Driving to the sighting I suddenly had the overwhelming feeling that maybe there would be other vehicles? How many? I’ve heard horror stories of vehicles surrounding the tree a leopard had been in and all the camps being fined. However, this year has been exceptional in many ways.

Vehicle driving through the Kenyan African bus, with big cat wildlife research volunteers on board.

As we got close to the area the leopard had been spotted I very quickly realised we had been to this exact location almost every other day. How is this possible? Had she been here every time and we had just driven past her? Brian quickly answered my suspicions “Most likely, yes”.

Standing about ten meters high in a tree there she was. Incredible. But where was everyone? Don’t get me wrong I’m not complaining that it was only us with a gorgeous leopard. It was just different.

Every so often she would have to rearrange the kill as it slowly started to fall from the tree. As she did so she would pause for a minute and soft call into to vast bushes. Further down in the valley, resting in the enormous trees reaching out over the river bed, were Vervet monkeys that were alarm calling relentlessly. We couldn’t see them, but Brian was sure that her cub must have been hidden away in the bushes. He knew that her name was Spot and she had a cub under the age of one.

One hour passed.

Having eaten all but the skin of the impala she had killed, she made her way down the tree. Which lens shall I use? I’ve got a split second to make this decision if I’m going to get the shot I want. All set. Staring down the barrel, I hold my breath steading my arms like a sniper eyeing up a target. All the noises around me drowned out by the intense focus. Prrrttttt.

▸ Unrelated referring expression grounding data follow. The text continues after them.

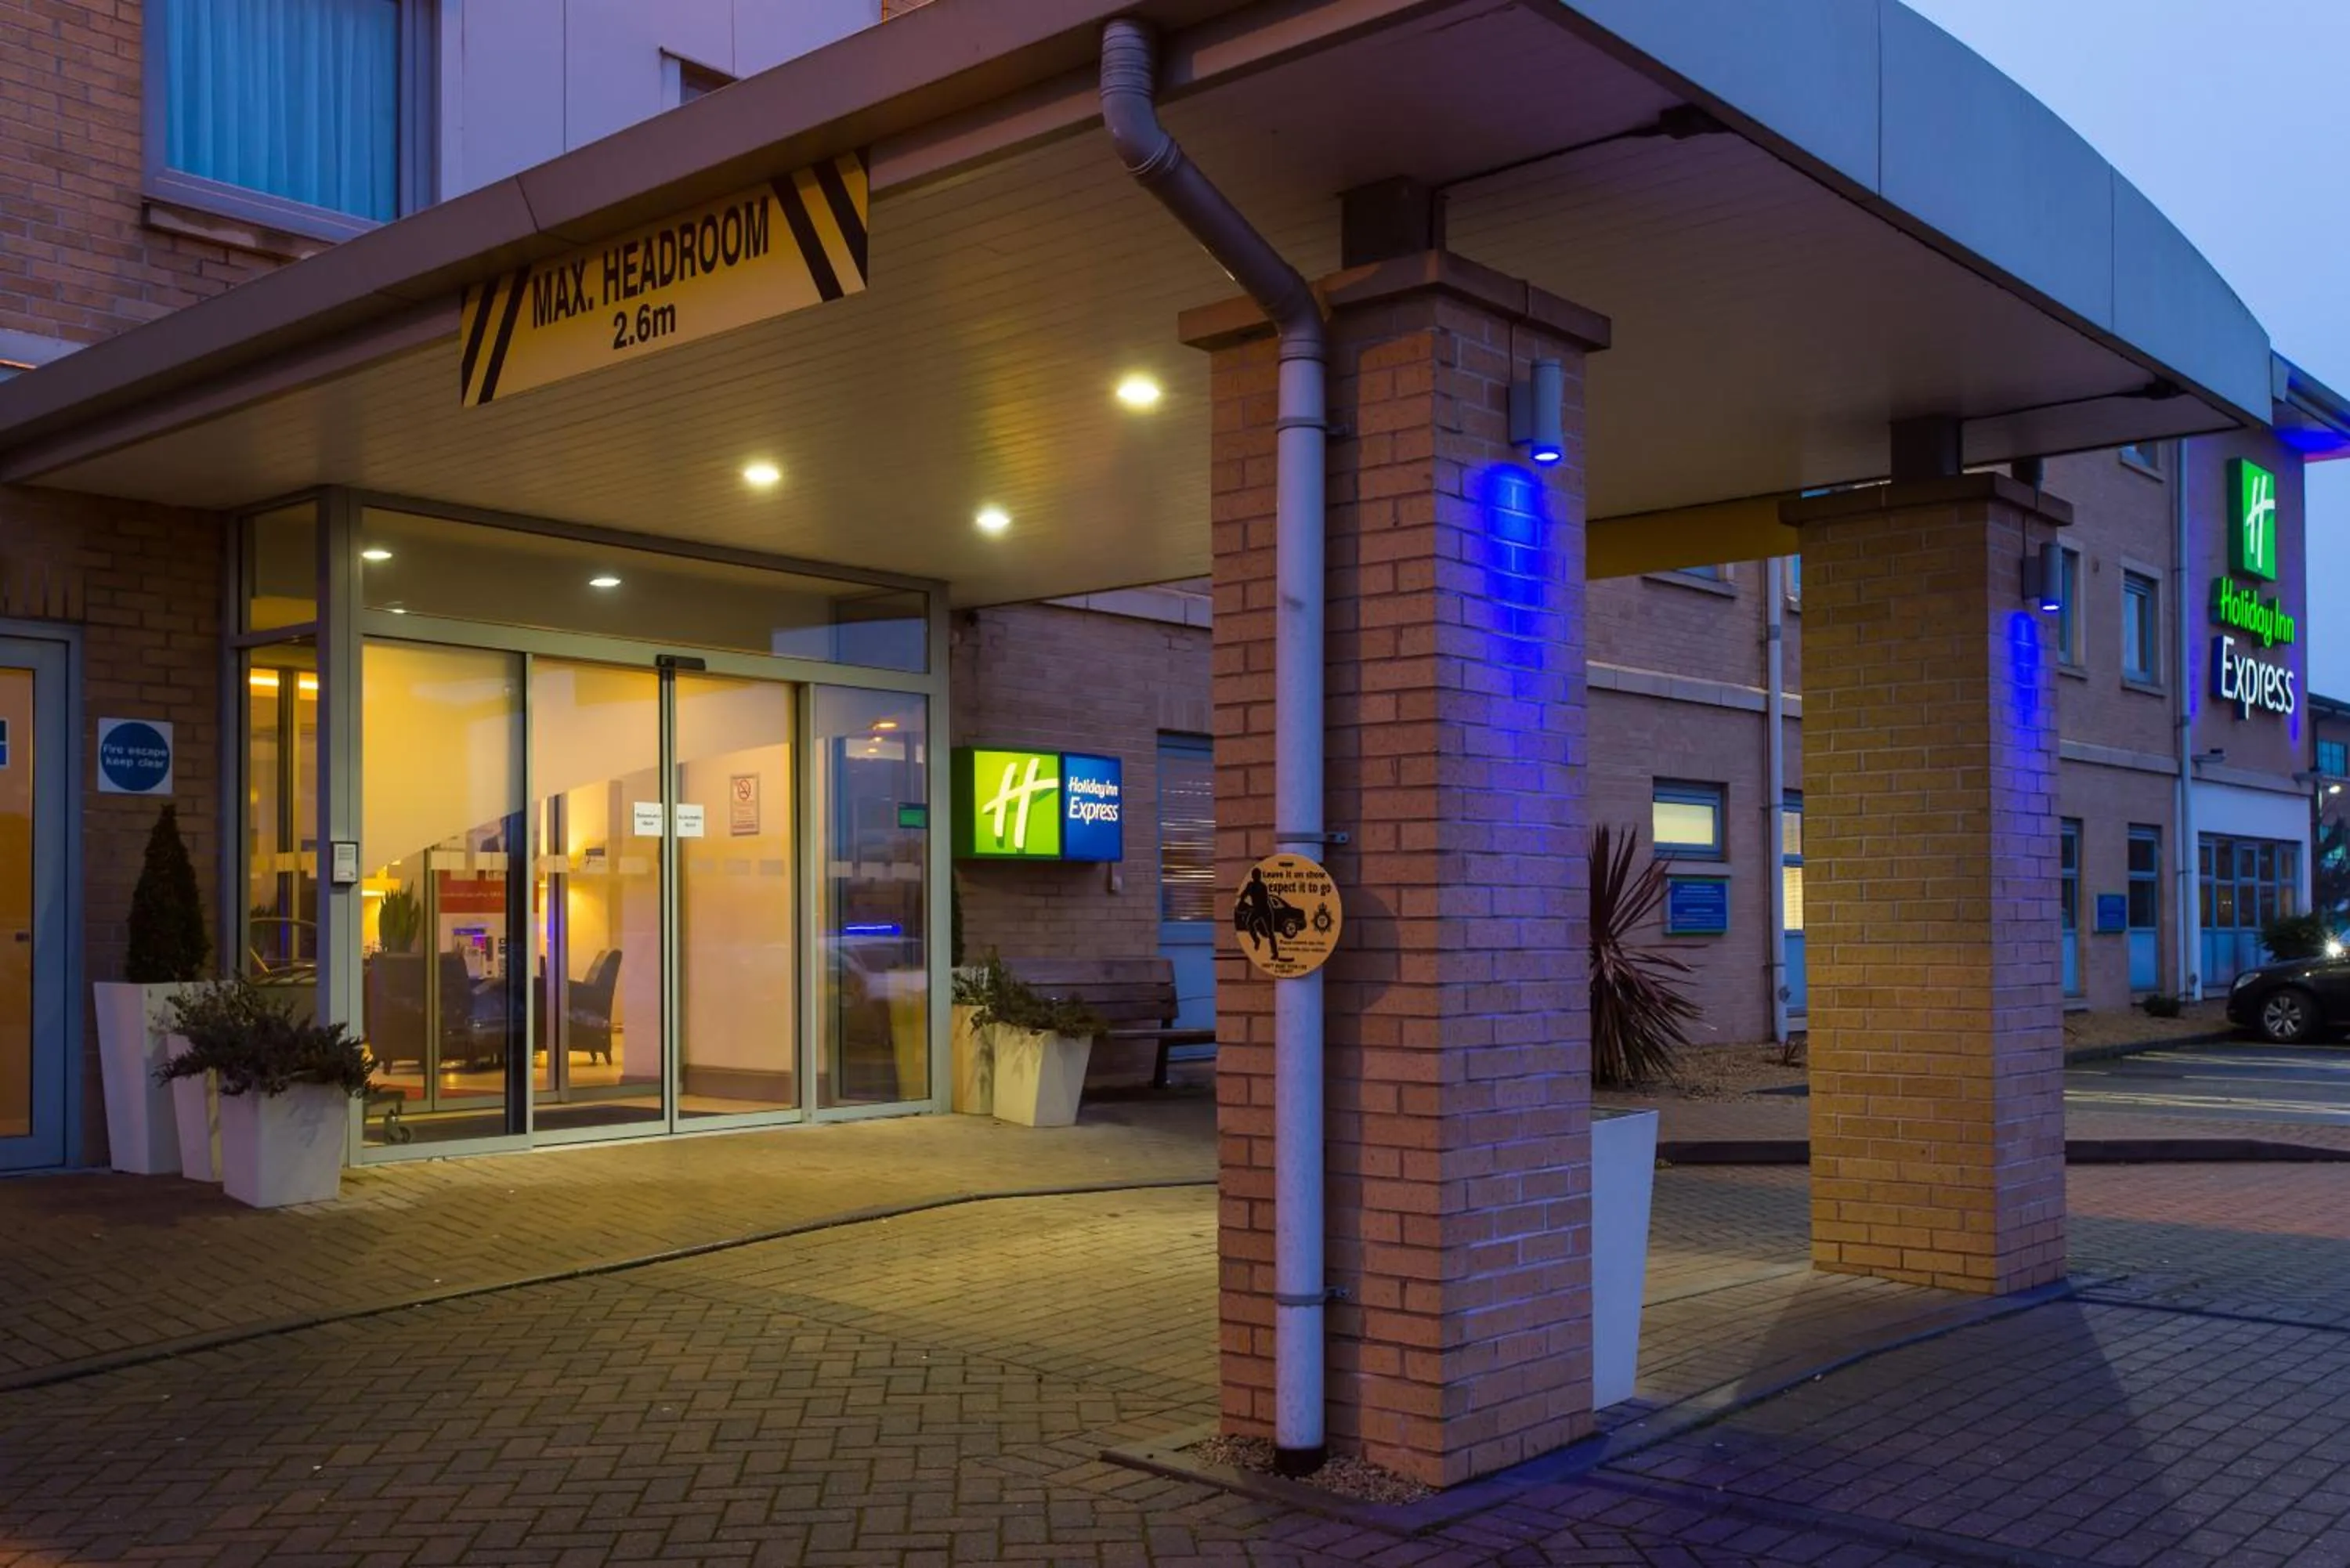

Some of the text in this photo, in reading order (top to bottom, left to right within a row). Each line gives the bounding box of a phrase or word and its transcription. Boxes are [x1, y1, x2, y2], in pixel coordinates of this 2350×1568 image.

[533, 196, 769, 328] MAX. HEADROOM
[613, 302, 676, 349] 2.6m
[2221, 576, 2294, 648] Holiday Inn
[2221, 635, 2294, 720] Express
[103, 744, 167, 757] Fire escape
[106, 756, 164, 768] keep clear
[1068, 776, 1119, 798] Holiday Inn
[1069, 796, 1119, 824] Express
[1268, 882, 1331, 896] expect it to go

Did I get It? No time to check as she was now walking right towards us. Not frightened. Not alarmed. Not a worry in the world. Looking into the eyes of one of the most revered animals in the world is like no experience you can have anywhere else in the world. I would love to describe it to you but truly hope that you all are able to experience it one day for yourselves. Walking right past us and down into the river bed she was off for a drink. Thirsty work.

She popped back up after a couple of minutes and sat no more than five meters from us and began grooming herself. This was now the perfect opportunity to get the Identification photos we needed to help the Mara Predator Project out. Not quite head, shoulders, knees and toes but close enough. Ears, whiskers, nose and side profiles doesn’t have the same ring to it.

One hour passed.

photography of leopard in Africa forest

I looked to Brian who had popped his ears just outside the window. “What is it”? I asked. He had picked up distant lion calls. So had the leopard. Too far off to worry her too much. Lions and leopards now that would be something! Leopard up the tree, lion looking up at her, who am I kidding, too good to be true.

Crash.

And in the blink of an eye the leopard has darted up the tree as a lioness sprints out the bushes growling and teeth showing. What has just happened? I sat there in awe. Had what I thought actually just happened in front of me? I knew all too well however that it’s never that easy.

Ever present around such illustrious hunters, scavengers. A little hyena keeping their distance watched the chase unfold. Thankfully our leopard escaped unharmed.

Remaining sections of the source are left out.